Health authorities provide vaccines free of charge and a small contribution to cover the cost of promoting the campaign. Such participation strengthens the microinsurers’ own prevention programme and enhances their image.

Creating awareness in the community-based model (Chapter 4.3) is a bit different because the microinsurer is not just asking prospective clients to buy insurance, it is also asking them to participate in the design and management of the insurance scheme (see Box 31).

UMSGF’s three-tiered marketing strategy Box 31 With a community-based model, marketing involves more than just trying to persuade someone to sign a contract and pay a premium. It is necessary to work with the community to help them reach the conclusion that by working together they will be able to collectively solve individual problems. In the case of Guinea’s UMSGF, which promotes mutuelles de santé, the problem that they are trying to solve is the affordability of access to health care.

UMSGF uses a three-tiered marketing strategy to activate and engage the

community in creating mutuelles de santé or MHOs:

The first tier is at the community level, where promoters give presentations about the problem and possible solutions, and try to stimulate interest in insurance. This level is akin to general awareness raising.

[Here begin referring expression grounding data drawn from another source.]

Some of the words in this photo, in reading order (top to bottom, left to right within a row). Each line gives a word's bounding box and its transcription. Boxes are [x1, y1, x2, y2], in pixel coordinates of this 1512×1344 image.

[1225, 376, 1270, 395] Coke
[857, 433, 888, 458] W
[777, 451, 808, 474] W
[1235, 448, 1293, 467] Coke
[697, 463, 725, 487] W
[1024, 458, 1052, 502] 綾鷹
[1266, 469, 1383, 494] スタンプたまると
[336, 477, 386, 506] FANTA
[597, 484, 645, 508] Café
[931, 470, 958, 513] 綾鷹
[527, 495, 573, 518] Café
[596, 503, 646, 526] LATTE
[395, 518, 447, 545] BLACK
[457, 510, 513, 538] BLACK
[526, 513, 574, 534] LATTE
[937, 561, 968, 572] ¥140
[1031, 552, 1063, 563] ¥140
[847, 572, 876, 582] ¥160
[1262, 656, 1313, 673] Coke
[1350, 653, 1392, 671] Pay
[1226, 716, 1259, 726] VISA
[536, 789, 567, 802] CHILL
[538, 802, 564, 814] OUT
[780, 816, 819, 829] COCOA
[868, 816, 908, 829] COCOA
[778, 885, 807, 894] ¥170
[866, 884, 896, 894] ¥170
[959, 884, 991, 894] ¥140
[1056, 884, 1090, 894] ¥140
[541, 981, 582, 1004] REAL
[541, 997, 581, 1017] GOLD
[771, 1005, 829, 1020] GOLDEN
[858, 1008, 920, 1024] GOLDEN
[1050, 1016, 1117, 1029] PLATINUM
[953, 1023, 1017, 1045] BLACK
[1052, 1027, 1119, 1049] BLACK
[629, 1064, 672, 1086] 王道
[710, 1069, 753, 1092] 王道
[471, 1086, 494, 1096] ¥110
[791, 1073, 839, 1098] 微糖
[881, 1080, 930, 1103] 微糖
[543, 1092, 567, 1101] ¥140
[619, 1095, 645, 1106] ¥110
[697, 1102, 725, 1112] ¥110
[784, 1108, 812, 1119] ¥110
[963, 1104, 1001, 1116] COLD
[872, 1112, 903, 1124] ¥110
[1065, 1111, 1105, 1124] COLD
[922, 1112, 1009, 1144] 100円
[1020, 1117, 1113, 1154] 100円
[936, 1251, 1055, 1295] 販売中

The second tier involves two group-level approaches, both of which aim to explain how health insurance works in a little more detail. With the first approach, the promoters meet existing groups – ROSCAs or tontines, religious associations, women’s groups, business associations and so on – to see if they wish to form an MHO. With the second approach, promoters encourage individuals who want health insurance to create their own mutual group with others they trust. Where possible, the objective is to work with the community’s social groups, whether pre-existing or organized around the mutuelles de santé activities. In this way, they build on an existing infrastructure and leadership.

The third tier is the individual households, beginning with those persons whom organizers have identified as opinion leaders. Some people are not Marketing microinsurance 185 comfortable asking personal questions, for example about their particular health needs, in front of others. Therefore, organizers have to follow up the group meetings with household-level discussions. Once they have been able to acquire a few influential converts, the promoters can then also involve these community leaders in persuading their neighbours to participate in the scheme.

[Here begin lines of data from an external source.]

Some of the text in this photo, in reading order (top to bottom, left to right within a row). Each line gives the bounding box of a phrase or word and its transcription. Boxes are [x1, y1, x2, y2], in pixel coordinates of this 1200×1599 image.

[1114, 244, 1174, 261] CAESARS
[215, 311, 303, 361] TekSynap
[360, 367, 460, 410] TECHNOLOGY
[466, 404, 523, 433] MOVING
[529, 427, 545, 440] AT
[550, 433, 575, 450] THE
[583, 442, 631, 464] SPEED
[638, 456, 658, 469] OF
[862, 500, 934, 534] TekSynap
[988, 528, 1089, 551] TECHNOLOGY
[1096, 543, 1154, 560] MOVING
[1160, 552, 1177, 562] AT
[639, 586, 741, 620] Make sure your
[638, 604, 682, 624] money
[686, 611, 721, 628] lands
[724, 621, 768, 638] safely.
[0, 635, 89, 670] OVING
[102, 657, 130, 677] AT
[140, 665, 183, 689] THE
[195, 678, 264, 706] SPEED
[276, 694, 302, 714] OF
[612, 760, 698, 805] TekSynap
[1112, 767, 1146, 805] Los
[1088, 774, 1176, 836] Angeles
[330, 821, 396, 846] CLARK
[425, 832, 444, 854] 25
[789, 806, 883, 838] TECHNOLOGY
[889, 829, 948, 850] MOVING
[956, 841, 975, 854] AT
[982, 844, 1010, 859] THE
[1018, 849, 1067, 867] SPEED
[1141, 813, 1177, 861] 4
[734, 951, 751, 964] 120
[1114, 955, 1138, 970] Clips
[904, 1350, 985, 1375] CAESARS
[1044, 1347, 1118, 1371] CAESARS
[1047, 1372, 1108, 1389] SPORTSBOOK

Source: Adapted from Galland, 2005a.

2.2 Increase understanding When the market has a general awareness of insurance and is familiar with the insurance provider, the next step in the marketing process is to increase its understanding of the specific products available, including product features and the costs and benefits of insurance relative to other risk-management strategies. This requires insurance education, which is particularly challenging in markets with low literacy levels.

Ultimately, one would hope that education would lead to shifts in knowledge, skills and attitudes, and in turn the adoption of microinsurance by the target market. Unfortunately, microinsurance providers tend to limit themselves primarily to information provision rather than education. There are, however, some notable exceptions. BRAC has pioneered the use of street theatre to educate target groups on the benefits of health microinsurance.